His wife, Ginger, designed the hangar along with the contractor, Smucker Builders of Chuckey, to put the crossbuck doors on it.
“Most of the barns around here don’t have any paint on them,” Merrill says. “The bifold door came with a stronger frame because we were going to put Hardie board on it. With the five strong straps, I figure I can walk under it with no problem. We built the hangar bigger than it really needed to be when one of the guys said, ‘Build it bigger than you think you want because you’ll grow into it.’”
Merrill says he was tempted to get a hydraulic door, but decided to go with the bifold door which allows him to park closer to it.

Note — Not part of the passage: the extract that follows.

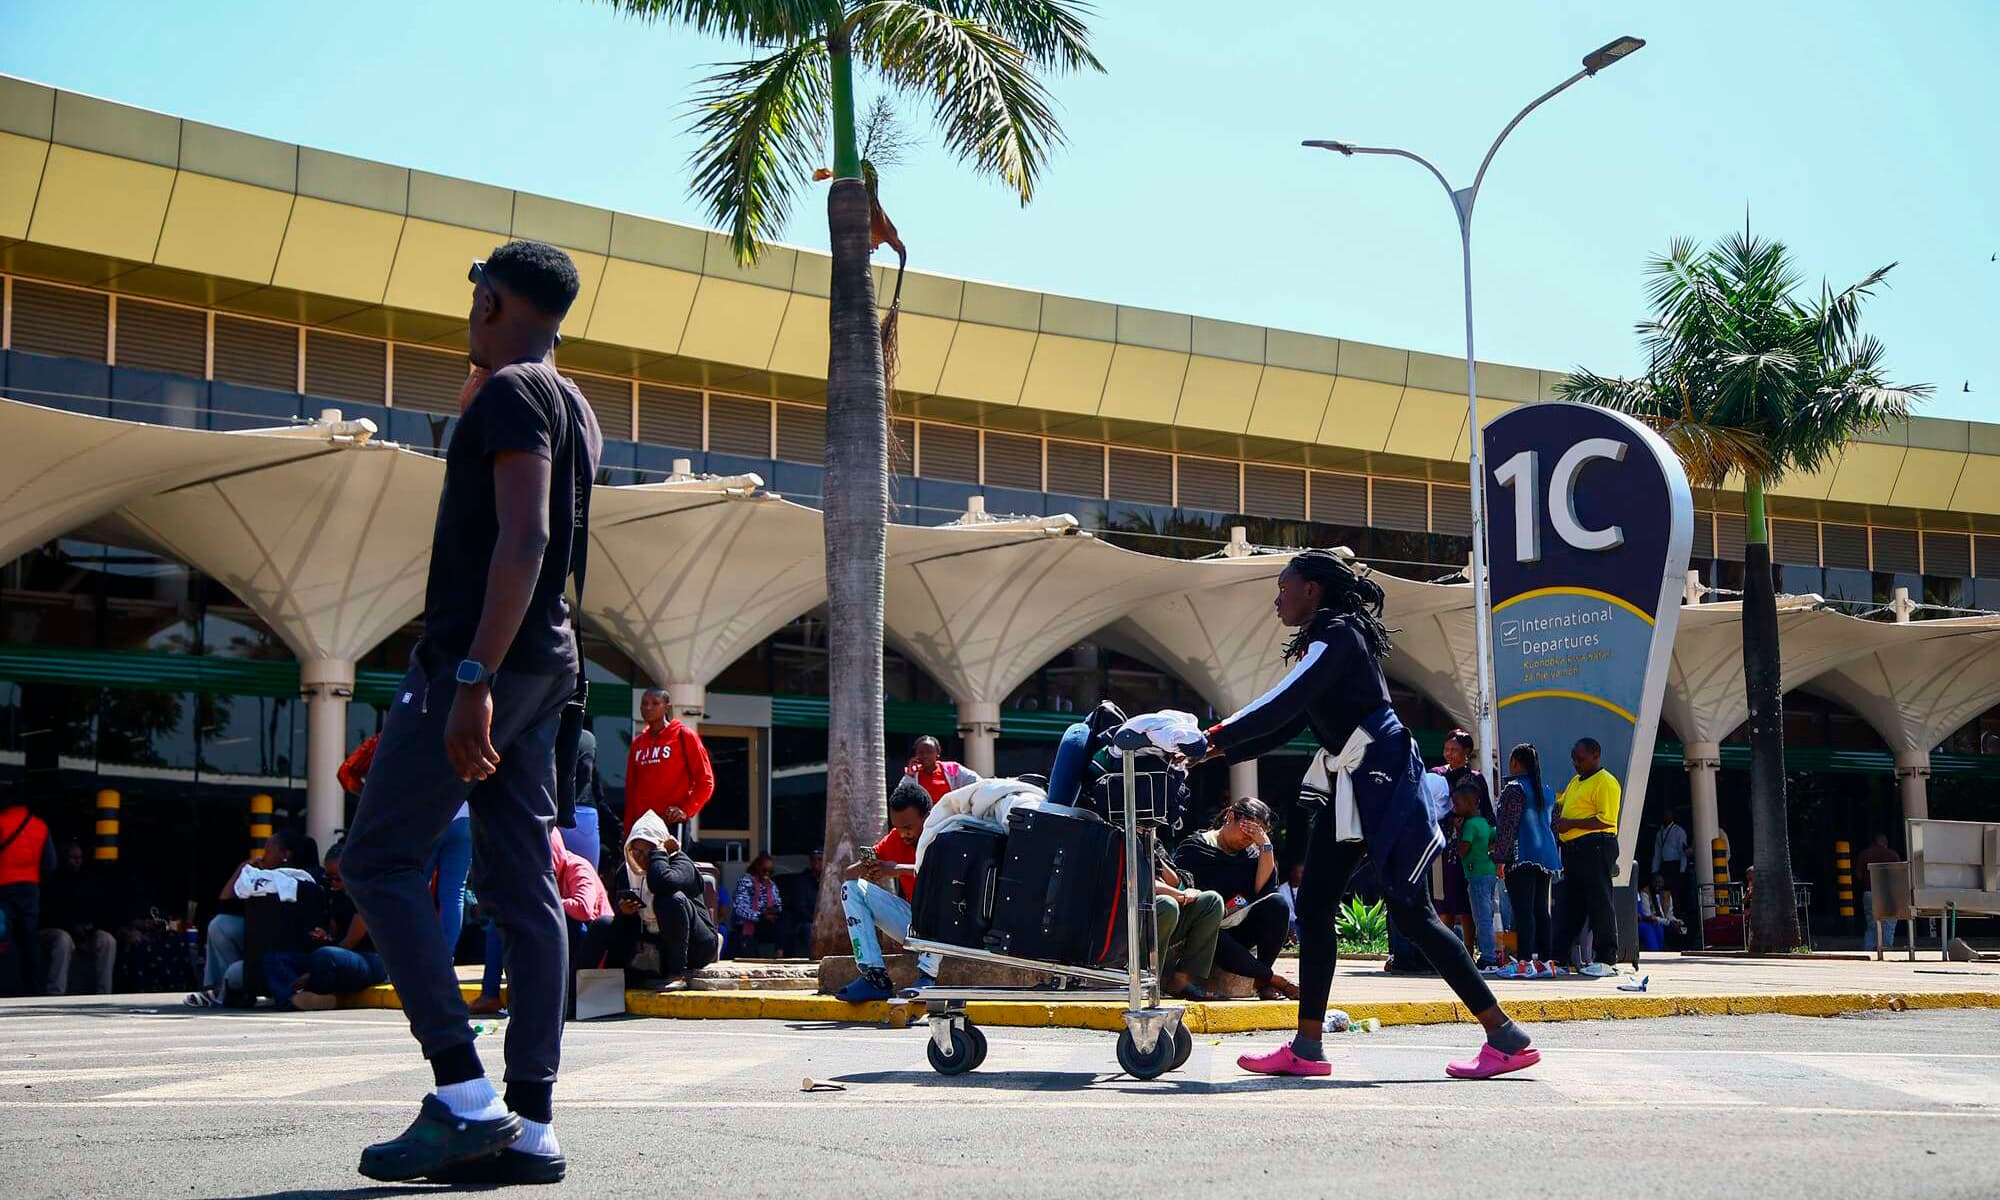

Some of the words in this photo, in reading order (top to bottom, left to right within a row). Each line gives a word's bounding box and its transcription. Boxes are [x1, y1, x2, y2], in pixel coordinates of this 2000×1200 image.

“What sold me on Schweiss Doors was when I was at an airport in Fredericksburg, Texas, some years ago,” he says. “The 180 Club had a fly-in there and they had put in a new string of T-hangars that all had bifold doors with straps. It looked like a so much better idea. Their doors got used pretty heavily. I’ve been to Oshkosh and talked to Schweiss there.”
He’s been flying since 1959, learning in a Cessna 172 at the age of 16. Ginger is also a pilot, previously owning and flying a light sport cruiser, marketed by Piper. Dick has had his Cessna 180 for 38 years, buying it in 1980.
He has since applied the paint scheme to his plane to match the Spirit of Columbus, a 1953 Cessna 180. It became famous when Geraldine “Jerrie” Fredritz Mock piloted it as the first American woman to make a solo flight around world in 1964.
That plane has since been featured at the Smithsonian Institute and other notable places.
Mock, who completed the 23,000-mile flight in approximately 29 days, was awarded the FAA Gold Medal for Exceptional Service in 1964 by President Lyndon B. Johnson and the Amelia Earhart Memorial Award among others.
Merrill obtained permission from Mock to replicate the look of her Cessna. She asked to see it when it was finished, but unfortunately, she passed away before he had the chance to show his freshly painted 180. Her family asked Merrill to participate in the scattering of Mock’s ashes from his plane over the Gulf of Mexico.
Merrill speaks well of his strong bifold door and has an even better story to tell about his Cessna 180, which he flies as a tribute to Mock, promoting aviation history.